More than 7 million Canadians have cast their ballots in advance, setting a new record for early voter turnout, Elections Canada says.

Advance polling stations were open across the country for four days, from Friday to Monday, over the Easter long weekend. Poll workers reported long lines, with two million people casting their ballots last Friday alone.

With less than one week to go before election day on 28 April, federal leaders are now in the final stretch of campaigning.

Voters will consider which party should govern the country amid an ongoing trade war with the US and President Donald Trump’s repeated comments about making Canada the 51st US state.

Getty Images Signage outside a polling location on the last day of advance voting for the federal election in Montreal, Quebec, Canada, on Monday, April 21, 2025.
About a quarter of Canada’s eligible voters already cast their ballots, according to federal elections data

Elections Canada, the organisation which runs federal elections, said 7.3 million Canadians – about a quarter of eligible voters – had cast their ballots, marking a 25% increase from early votes in the previous 2021 election.

Mail-in voting is up as well, with over 754,000 returning their special ballots to the federal agency. That is more than the 660,000 that did so in 2021.

Latest polling suggests Liberals have a 5-point lead over the main opposition Conservative party, as campaigning enters its last stretch.

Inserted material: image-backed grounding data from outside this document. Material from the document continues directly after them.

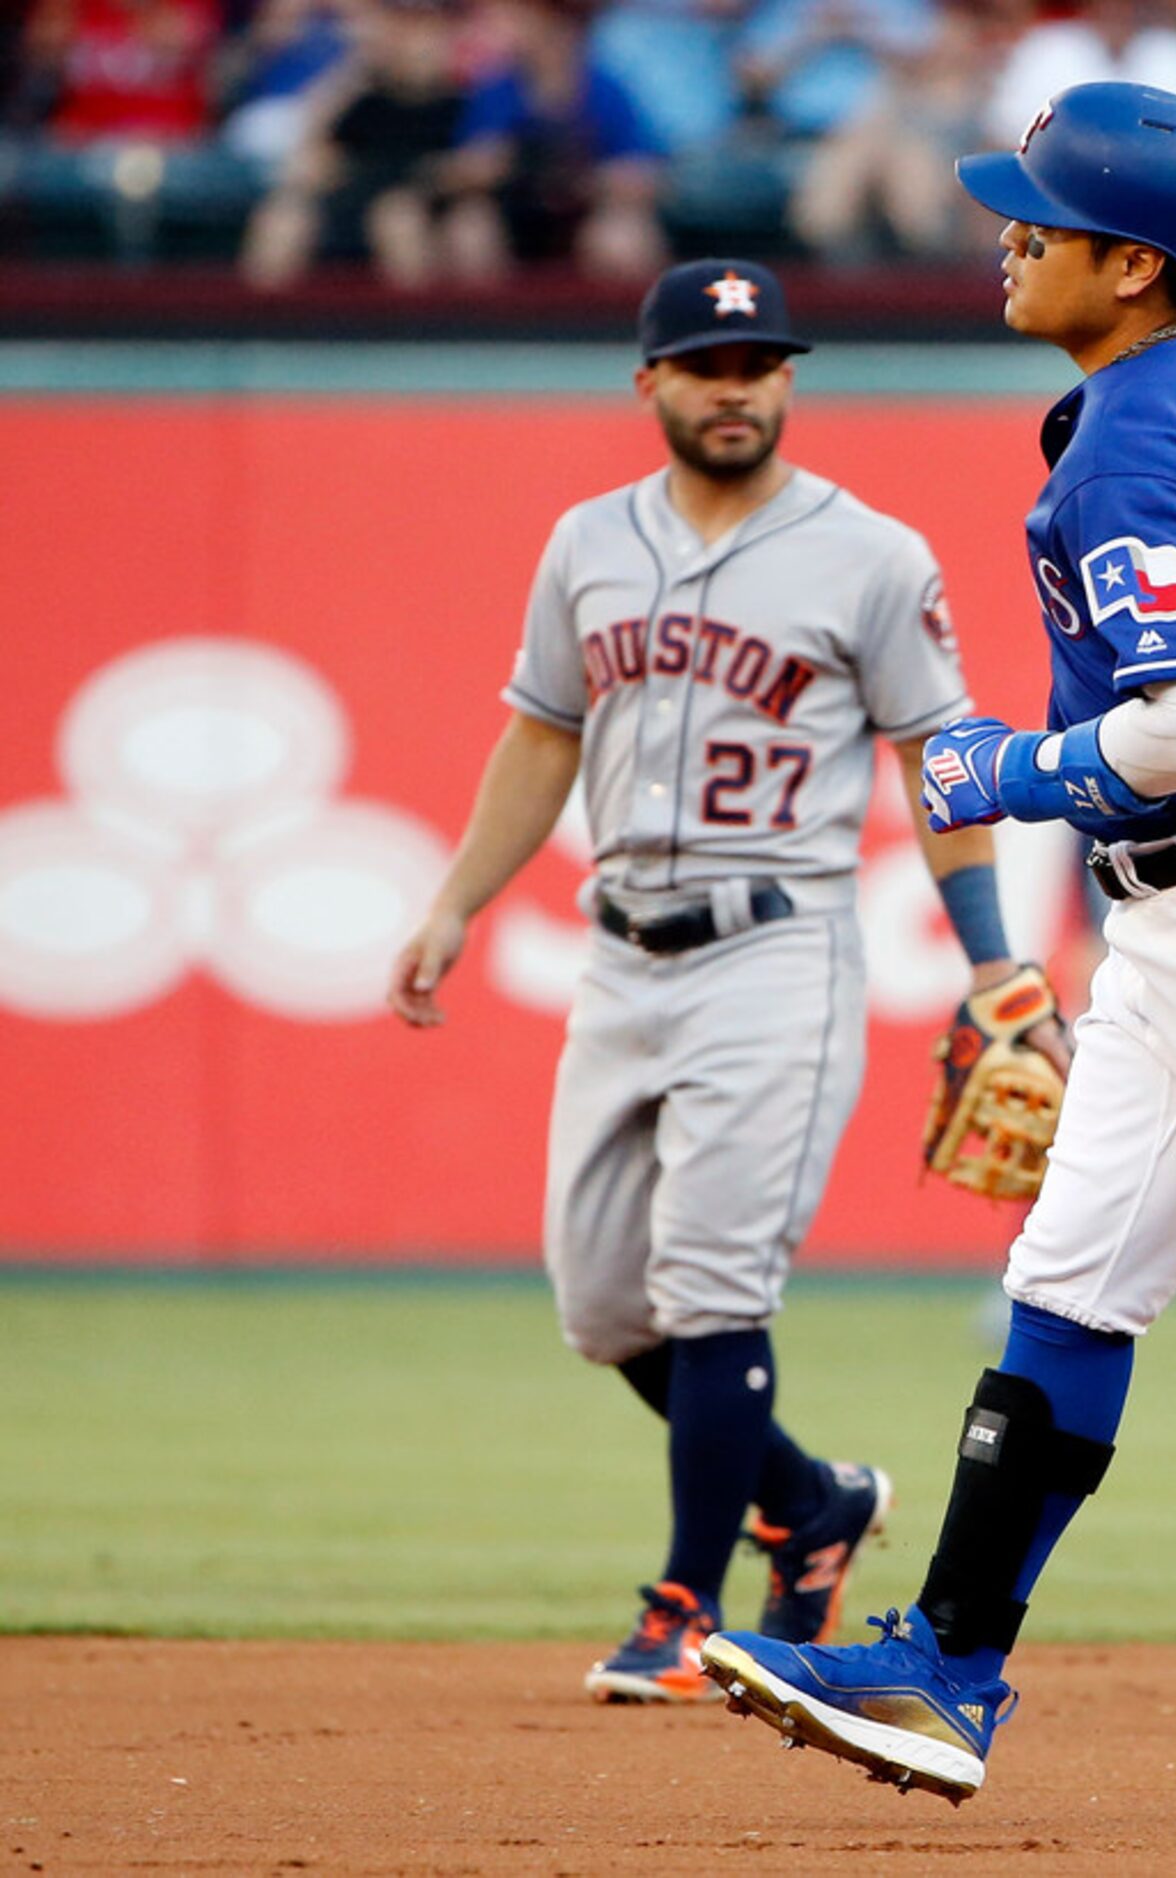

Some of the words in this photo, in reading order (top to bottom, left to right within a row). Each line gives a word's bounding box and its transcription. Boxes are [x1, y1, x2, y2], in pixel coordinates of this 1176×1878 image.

[581, 612, 816, 727] OUSTON
[701, 739, 812, 832] 27
[1064, 780, 1094, 809] 17
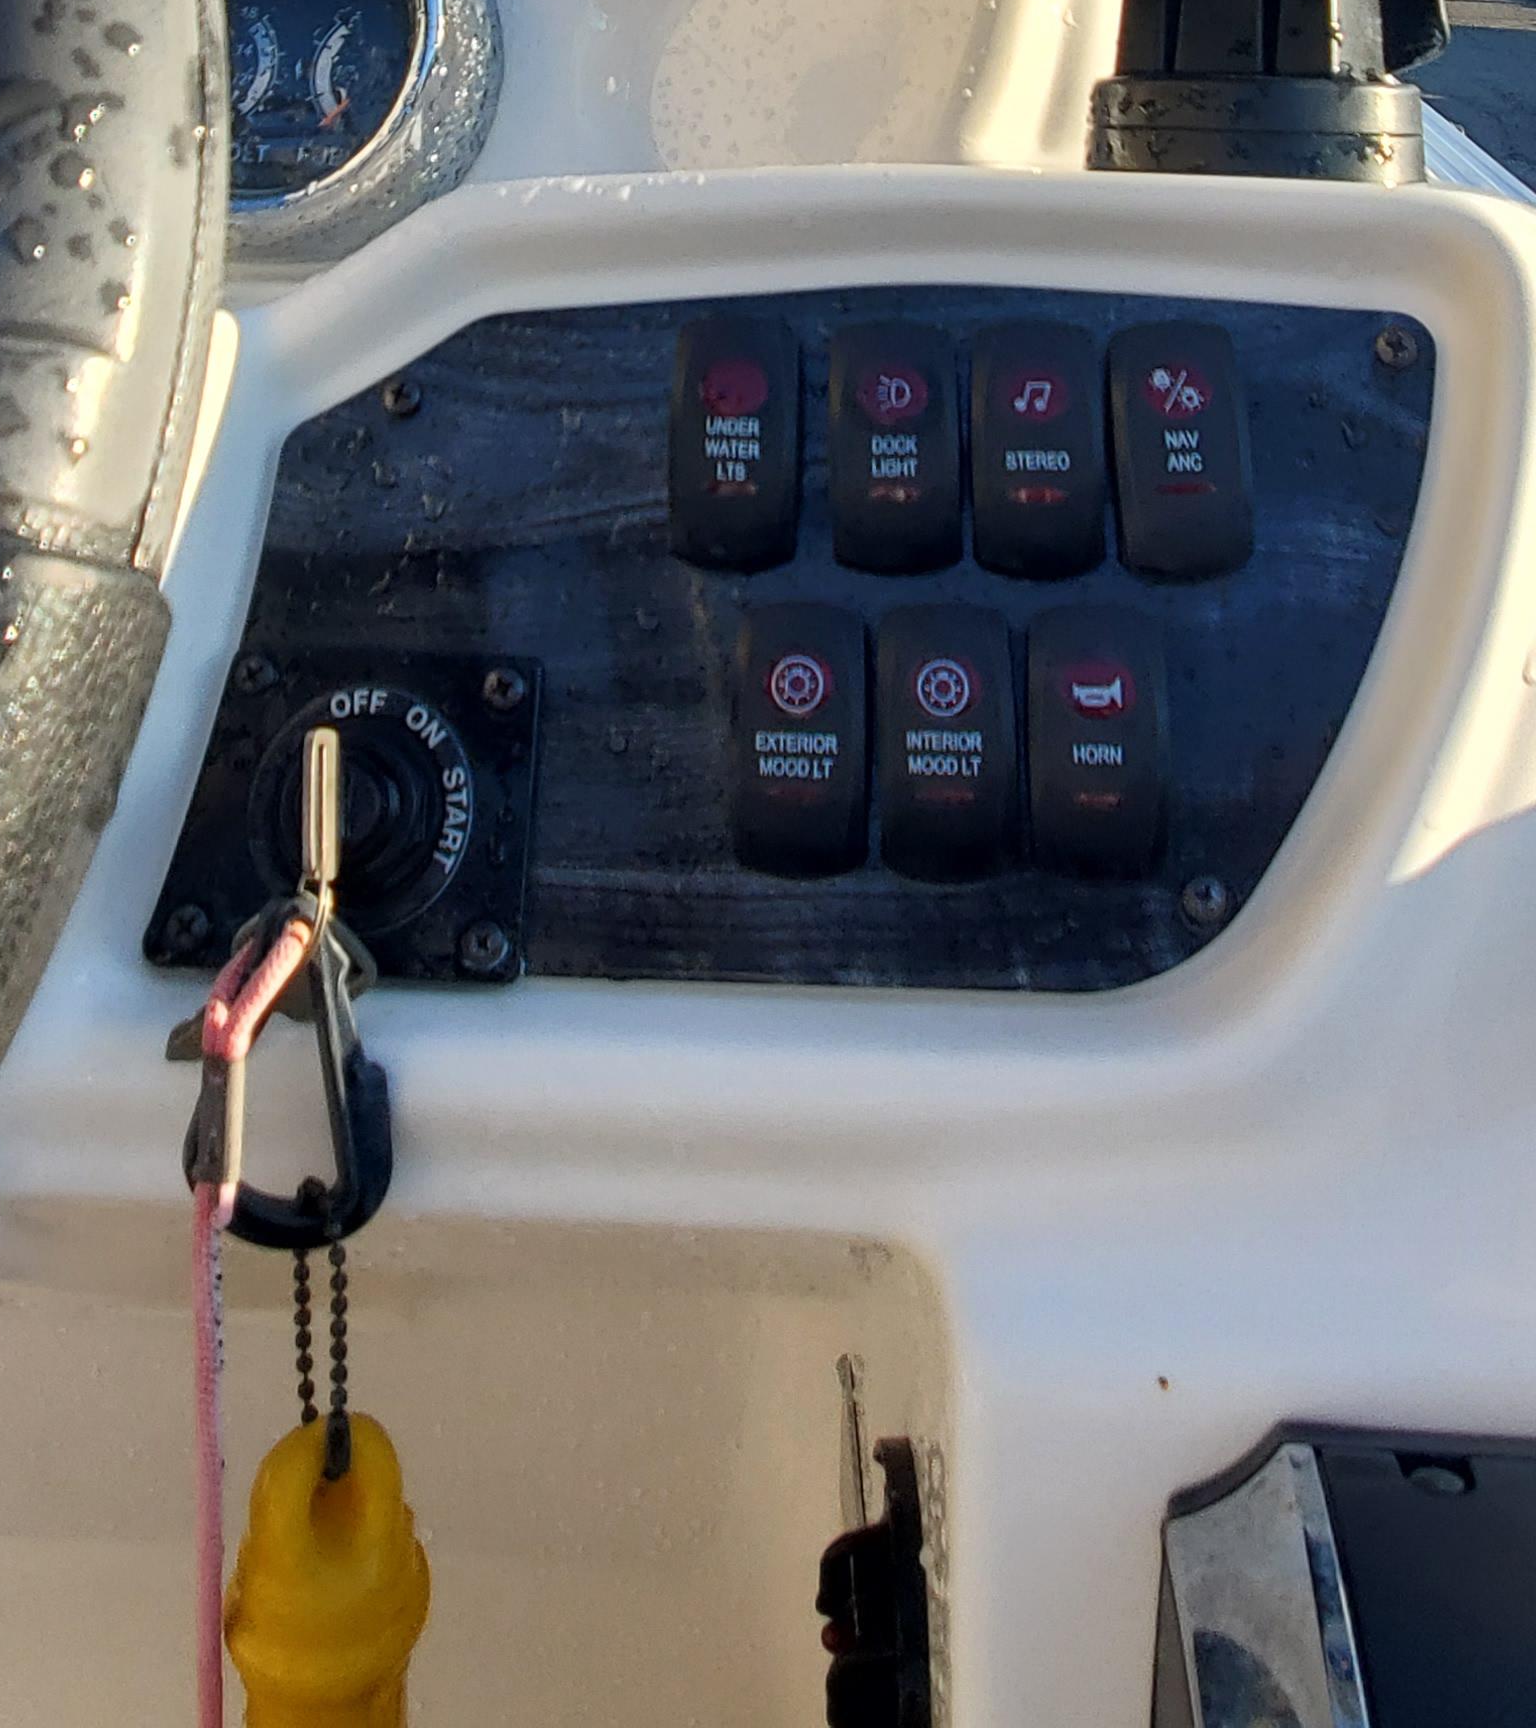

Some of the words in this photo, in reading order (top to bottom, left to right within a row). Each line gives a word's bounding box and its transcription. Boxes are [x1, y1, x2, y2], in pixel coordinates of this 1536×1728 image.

[705, 415, 760, 437] UNDER
[705, 437, 761, 460] WATER
[871, 434, 918, 455] DOCK
[1164, 429, 1200, 450] NAV
[871, 456, 918, 478] LIGHT
[1005, 450, 1071, 472] STEREO
[755, 730, 838, 755] EXTERIOR
[905, 730, 983, 753] INTERIOR
[908, 754, 958, 777] MOOD
[961, 755, 983, 778] LT
[1071, 743, 1124, 767] HORN
[759, 756, 810, 778] MOOD
[812, 758, 834, 780] LT
[330, 688, 388, 719] OFF
[405, 704, 448, 750] ON
[433, 766, 466, 875] START
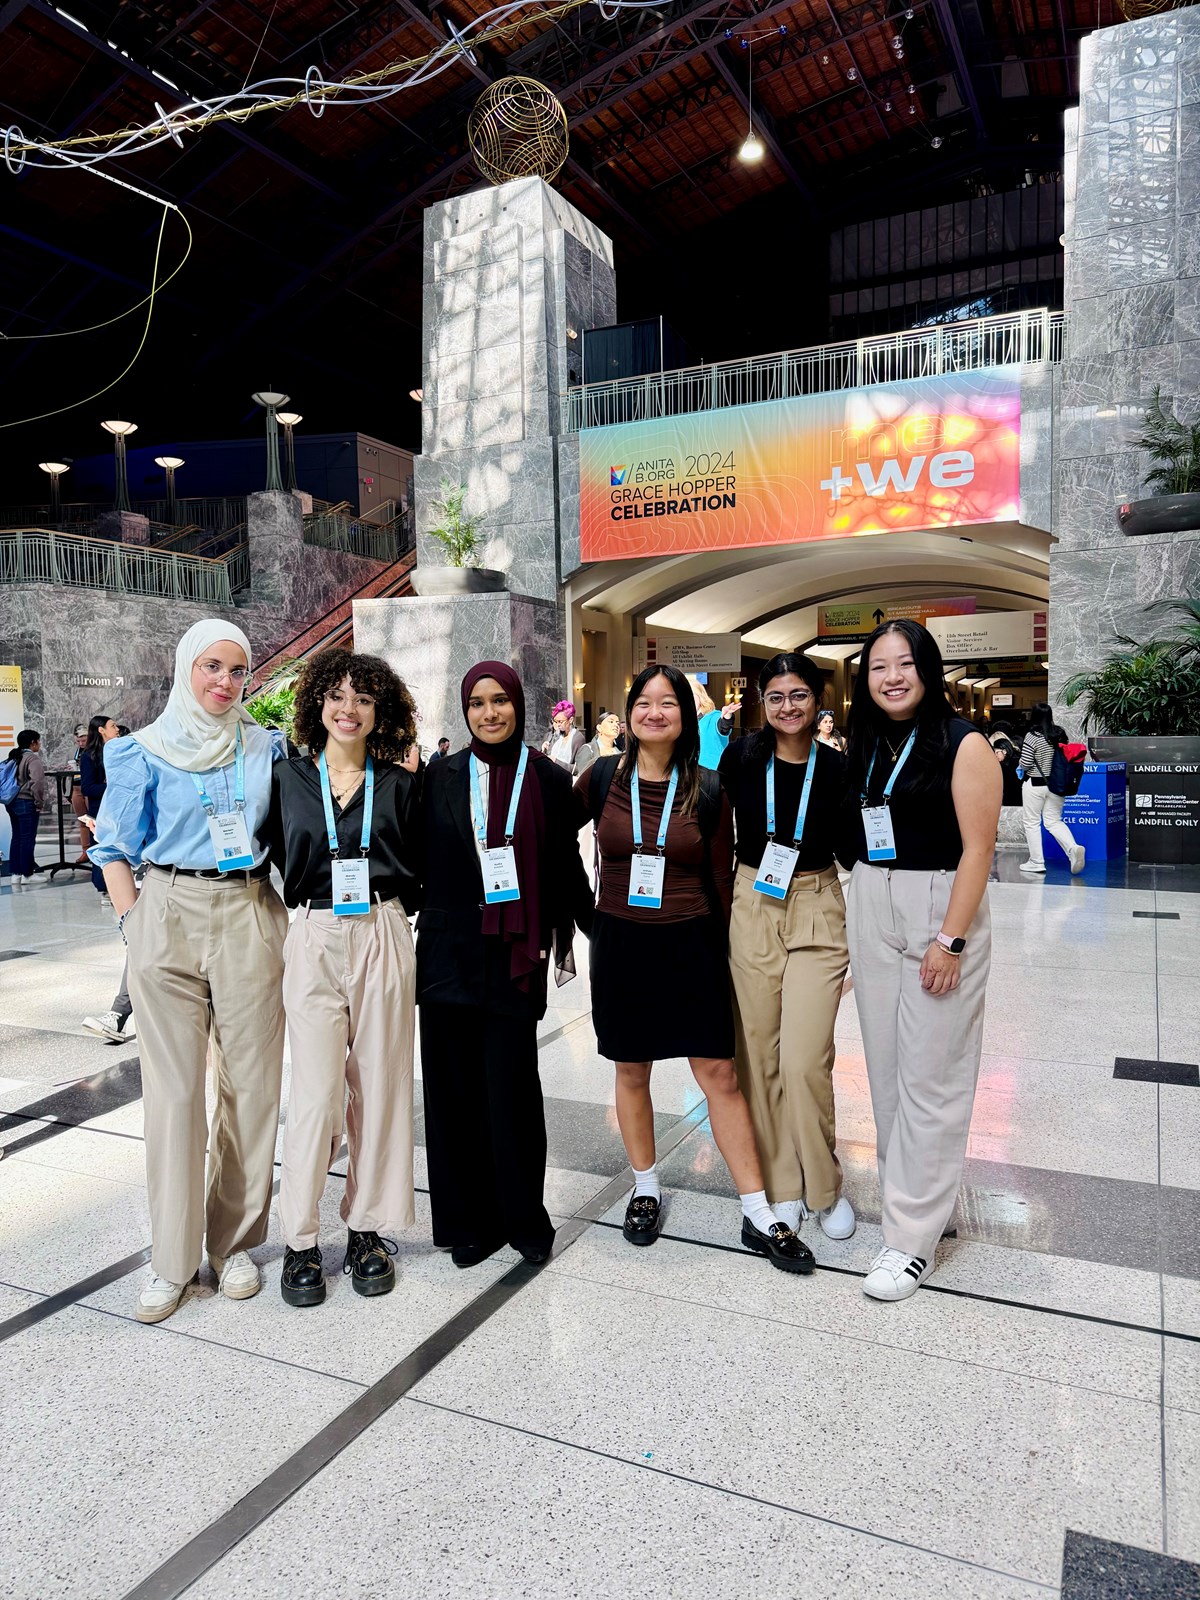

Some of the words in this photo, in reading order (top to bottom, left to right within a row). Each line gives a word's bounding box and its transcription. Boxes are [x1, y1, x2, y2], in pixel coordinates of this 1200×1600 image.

[830, 416, 946, 464] me
[636, 458, 675, 472] ANITA
[636, 469, 675, 483] B.ORG
[686, 450, 736, 477] 2024
[610, 485, 663, 504] GRACE
[669, 476, 736, 497] HOPPER
[611, 493, 735, 521] CELEBRATION

Liberal leader Mark Carney held events in Prince Edward Island and Quebec, while Conservative leader Pierre Poilievre had a rally in Vaughan, a suburb of Toronto, on Tuesday evening.

Carney, the former central banker of Canada and the UK, has touted his party as the best option to deal with Trump and his tariffs.

“Pierre Poilievre has no plan to stand up to President Trump,” Carney told supporters on Tuesday.

The US president has implemented blanket 25% tariffs on goods from Canada, with an exemption on products covered by the USMCA – a North American free trade deal.

Canada is also hit with global US tariffs on steel and aluminium, and cars.

The northern country does a majority of its trade with the US, and the tariffs have already resulted in thousands of temporary layoffs in Canada’s auto sector.